Loss of One or Two PATZ1 Alleles Has a Critical Role in the Progression of Thyroid Carcinomas Induced by the RET/PTC1 Oncogene

POZ/BTB and AT-hook-containing zinc finger protein 1 (PATZ1) is an emerging cancer-related gene that is downregulated in different human malignancies, including thyroid cancer, where its levels gradually decrease going from papillary thyroid carcinomas (PTC) to poorly differentiated and undifferentiated highly aggressive anaplastic carcinomas (ATC). The restoration of PATZ1 expression in thyroid cancer cells reverted their malignant phenotype by inducing mesenchymal-to-epithelial transition, thus validating a tumor suppressor role for PATZ1 and suggesting its involvement in thyroid cancer progression. Here, we investigated the consequences of the homozygous and heterozygous loss of PATZ1 in the context of a mouse modeling of PTC, represented by mice carrying the RET/PTC1 oncogene under the thyroid specific control of the thyroglobulin promoter RET/PTC1 (RET/PTC1(TG)). The phenotypic analysis of RET/PTC1(TG) mice intercrossed with Patz1-knockout mice revealed that deficiency of both Patz1 alleles enhanced thyroid cancer incidence in RET/PTC1(TG) mice, but not the heterozygous knockout of the Patz1 gene.
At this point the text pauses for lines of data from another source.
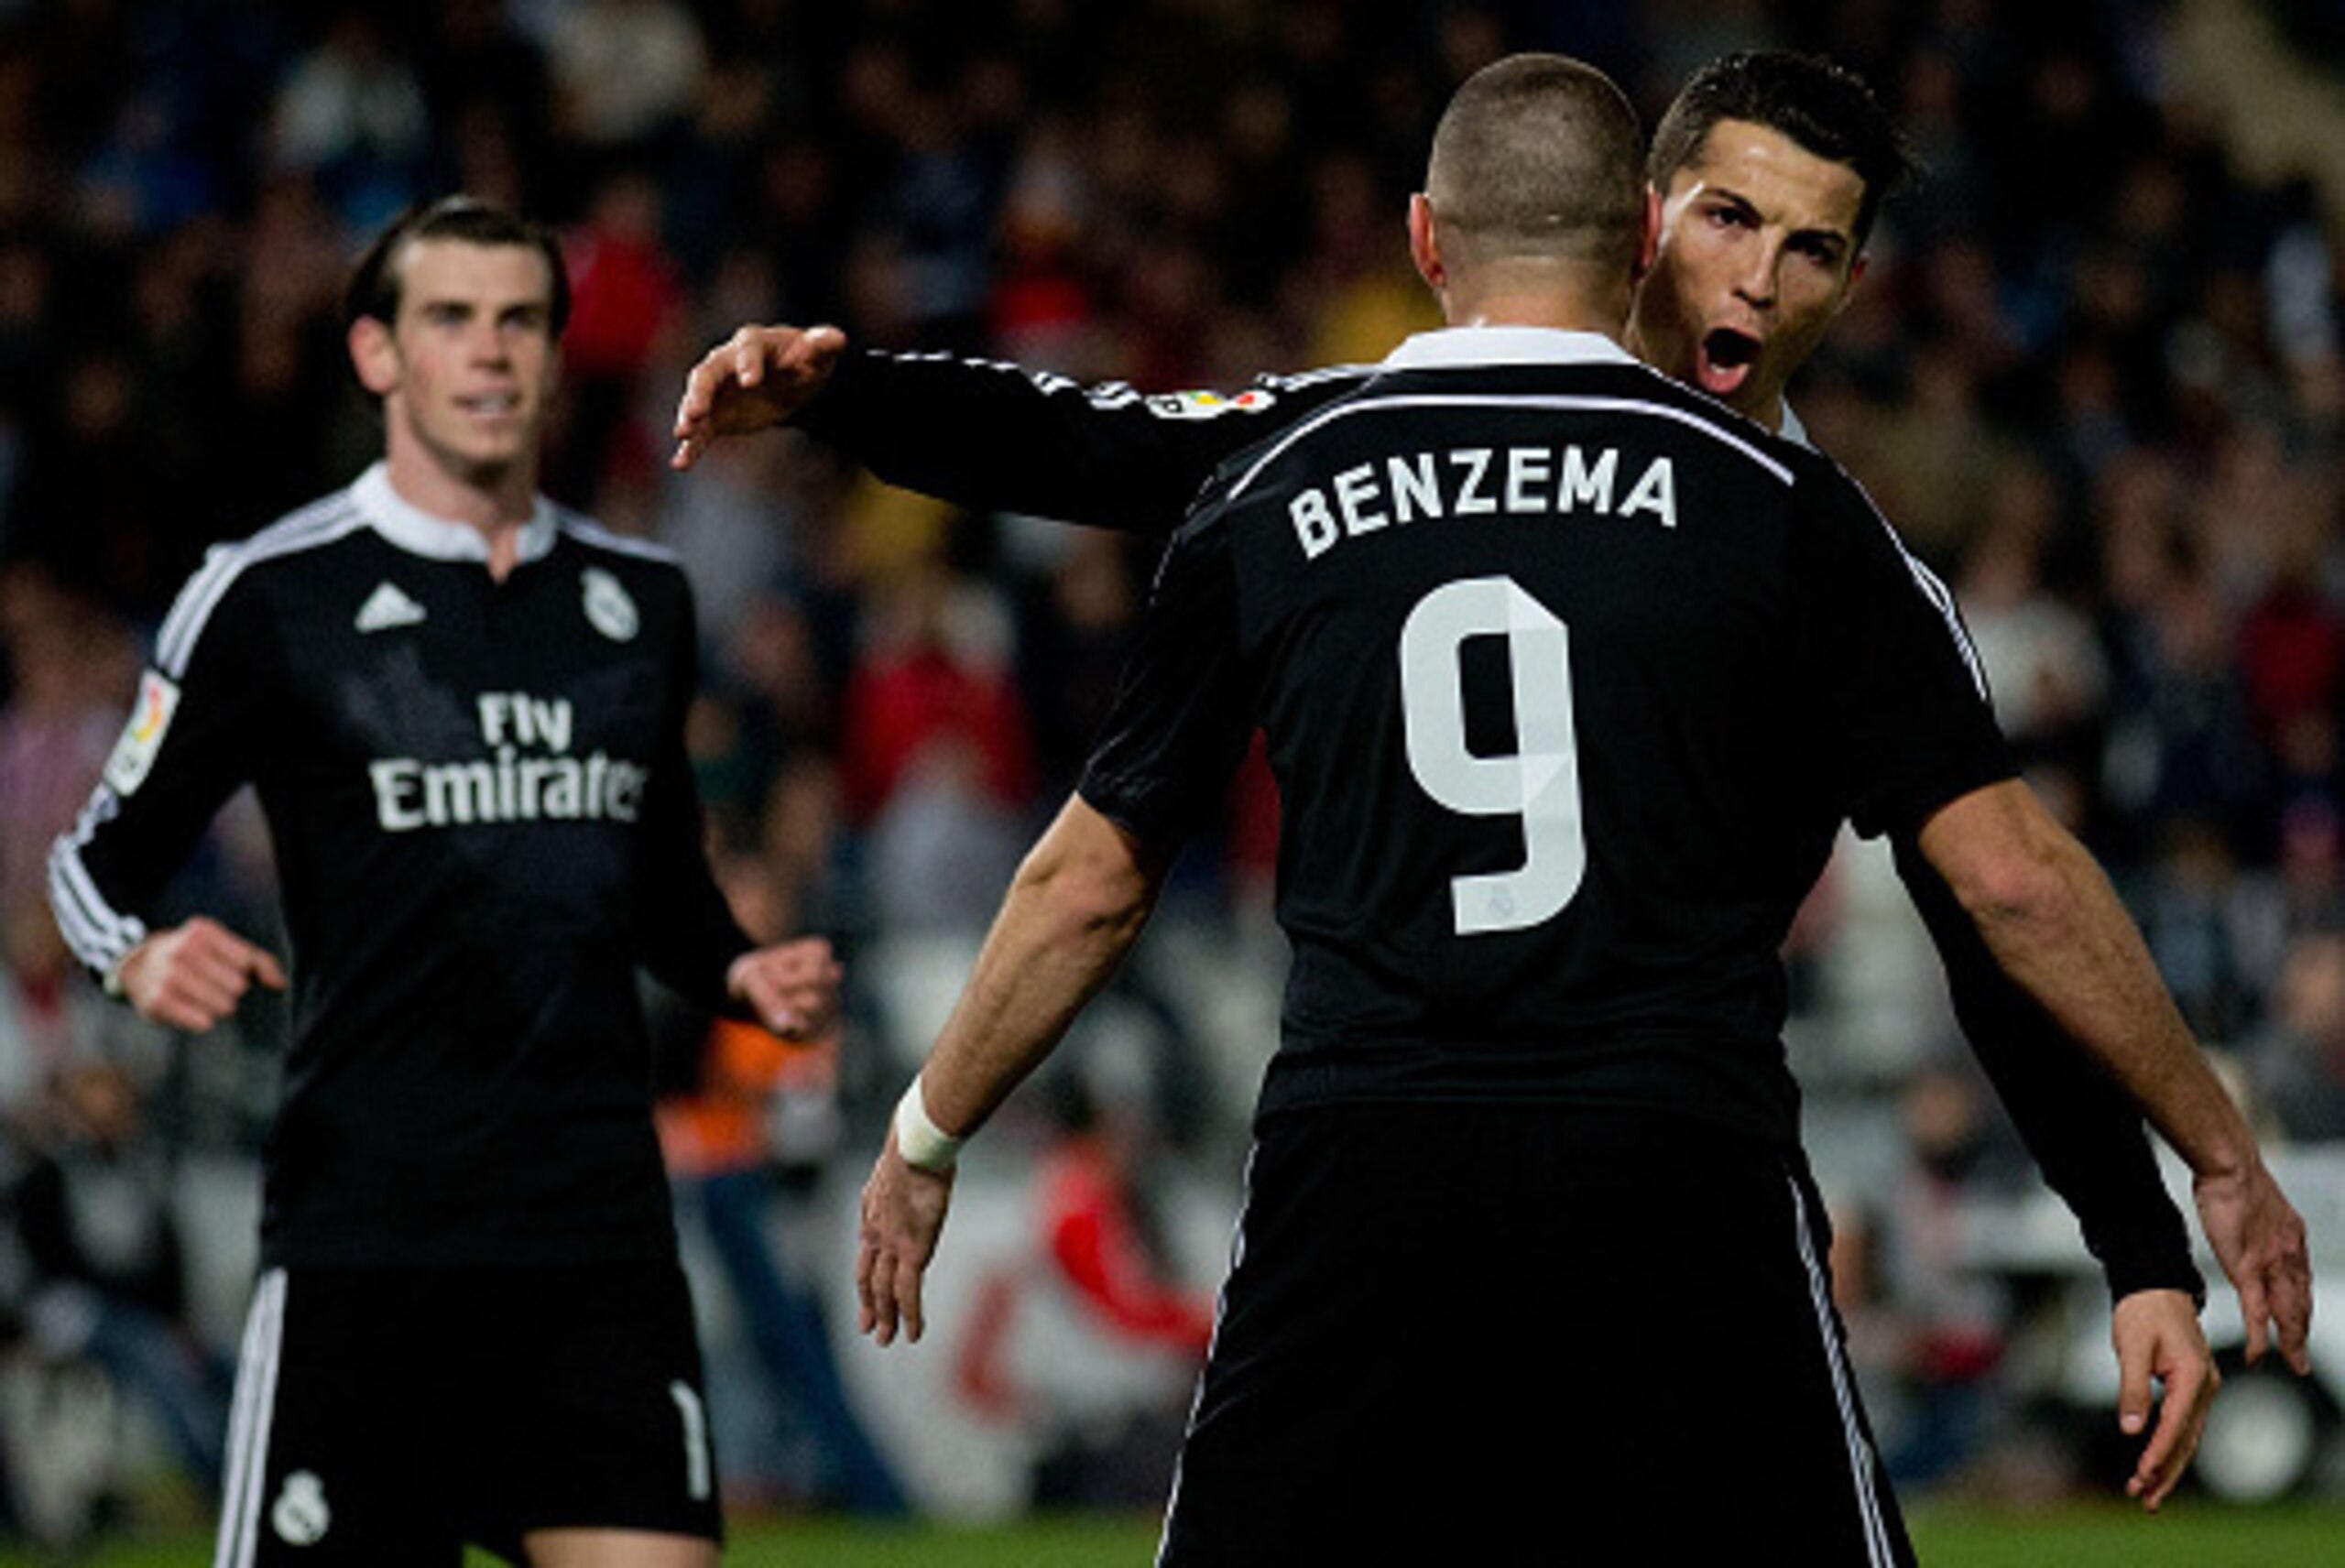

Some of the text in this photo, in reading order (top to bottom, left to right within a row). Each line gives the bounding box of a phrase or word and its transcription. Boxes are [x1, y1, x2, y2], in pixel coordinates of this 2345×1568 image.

[1288, 444, 1677, 561] BENZEMA
[477, 691, 573, 754] Fly
[1400, 575, 1586, 934] 9
[368, 743, 650, 831] Emirate
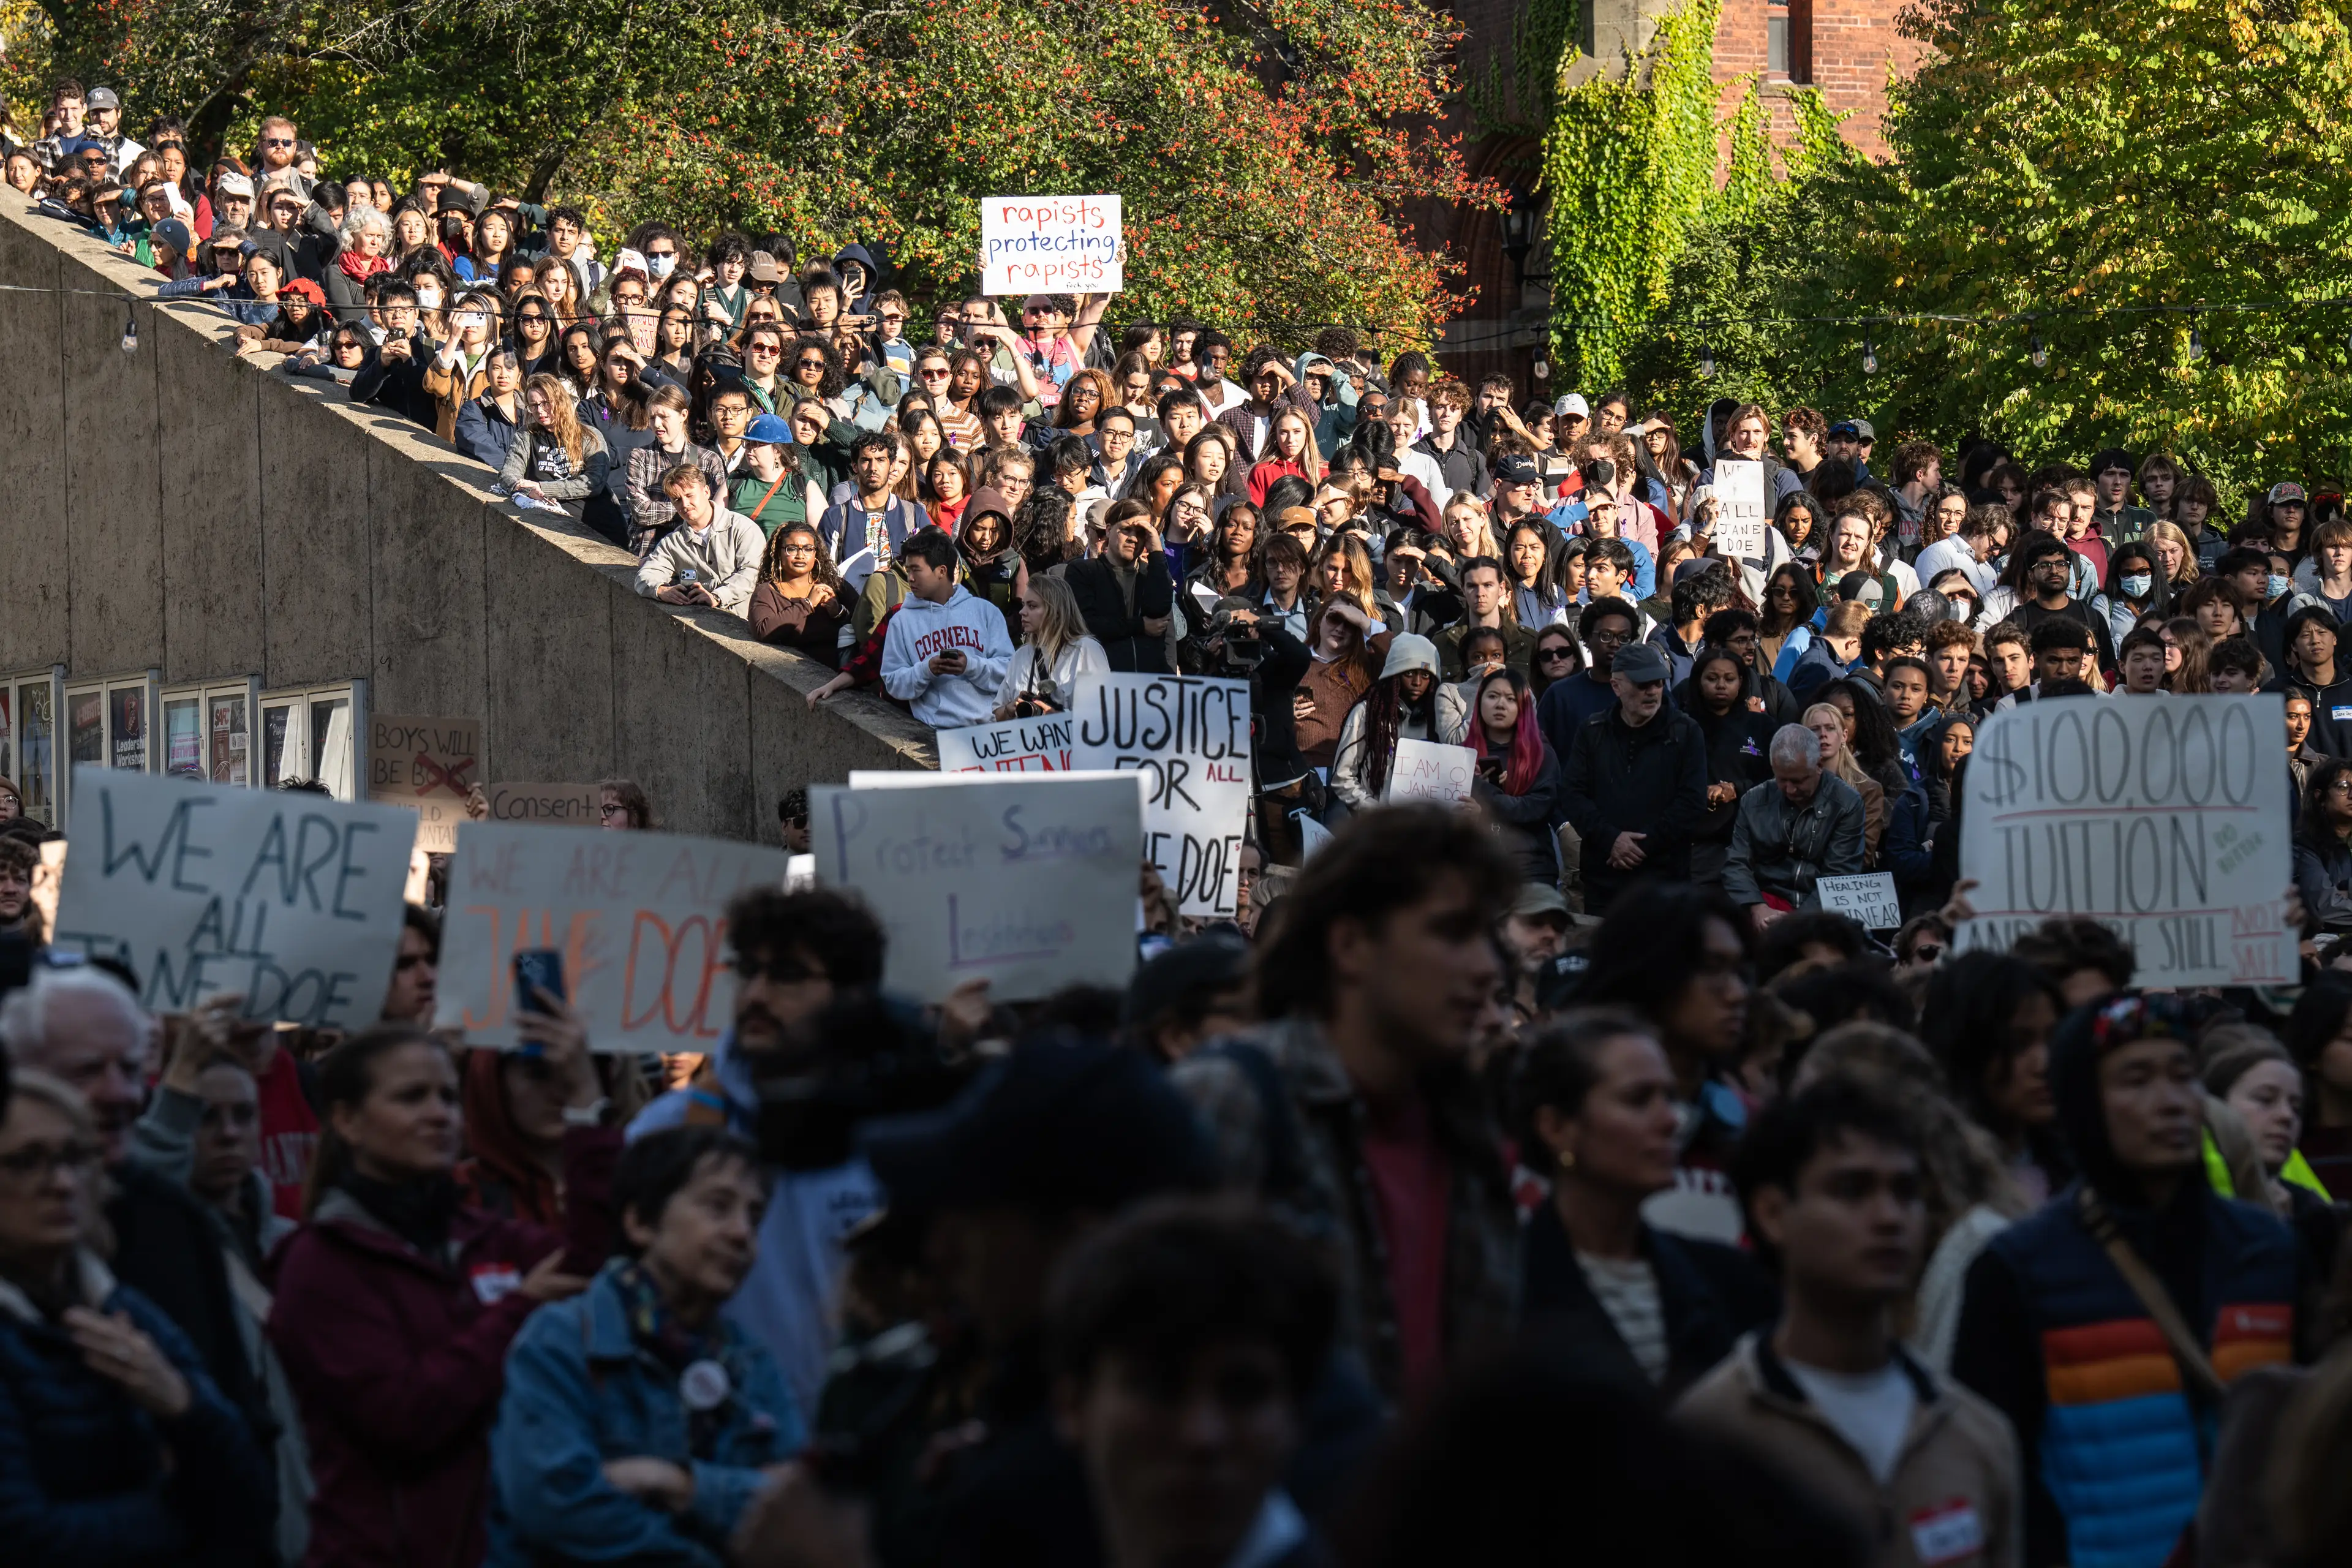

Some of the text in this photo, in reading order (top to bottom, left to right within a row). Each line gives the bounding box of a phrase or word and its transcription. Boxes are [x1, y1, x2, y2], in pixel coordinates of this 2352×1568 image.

[1003, 199, 1105, 231] rapists
[989, 229, 1115, 263] protecting
[1008, 254, 1103, 285] rapists
[634, 328, 656, 350] GREE
[1720, 502, 1758, 519] ALL
[1720, 523, 1761, 535] JANE
[1728, 538, 1754, 551] DOE
[914, 625, 984, 662] CORNELL
[1081, 677, 1248, 761] JUSTICE
[116, 736, 145, 753] Leadershi
[301, 748, 306, 760] 12
[375, 723, 474, 756] BOYS WILL
[971, 719, 1073, 760] WE WAN
[1393, 755, 1439, 780] I AM
[1978, 702, 2256, 810] $100,000
[374, 758, 467, 788] BE BOYS
[1206, 763, 1245, 783] ALL
[494, 789, 595, 820] Consent
[1401, 780, 1440, 800] JANE
[100, 786, 380, 922] WE ARE
[467, 840, 526, 897] WE
[562, 842, 637, 899] ARE
[1993, 812, 2209, 916] TUITION
[1177, 833, 1242, 913] DOE
[1823, 880, 1882, 892] HEALING
[1832, 892, 1883, 907] IS NOT
[1845, 902, 1902, 927] INEAR
[184, 894, 276, 958] ALL
[620, 908, 732, 1038] DOE
[243, 959, 358, 1028] DOE
However, both RET/PTC1(TG);Patz1(+/−) and RET/PTC1(TG);Patz1(−/−) mice developed a more aggressive thyroid cancer phenotype—characterized by higher Ki-67 expression, presence of ATCs, and increased incidence of solid variants of PTC—than that shown by RET/PTC1(TG); Patz1(+/+) compound mice. These results confirm that PATZ1 downregulation has a critical role in thyroid carcinogenesis, showing that it cooperates with RET/PTC1 in thyroid cancer progression.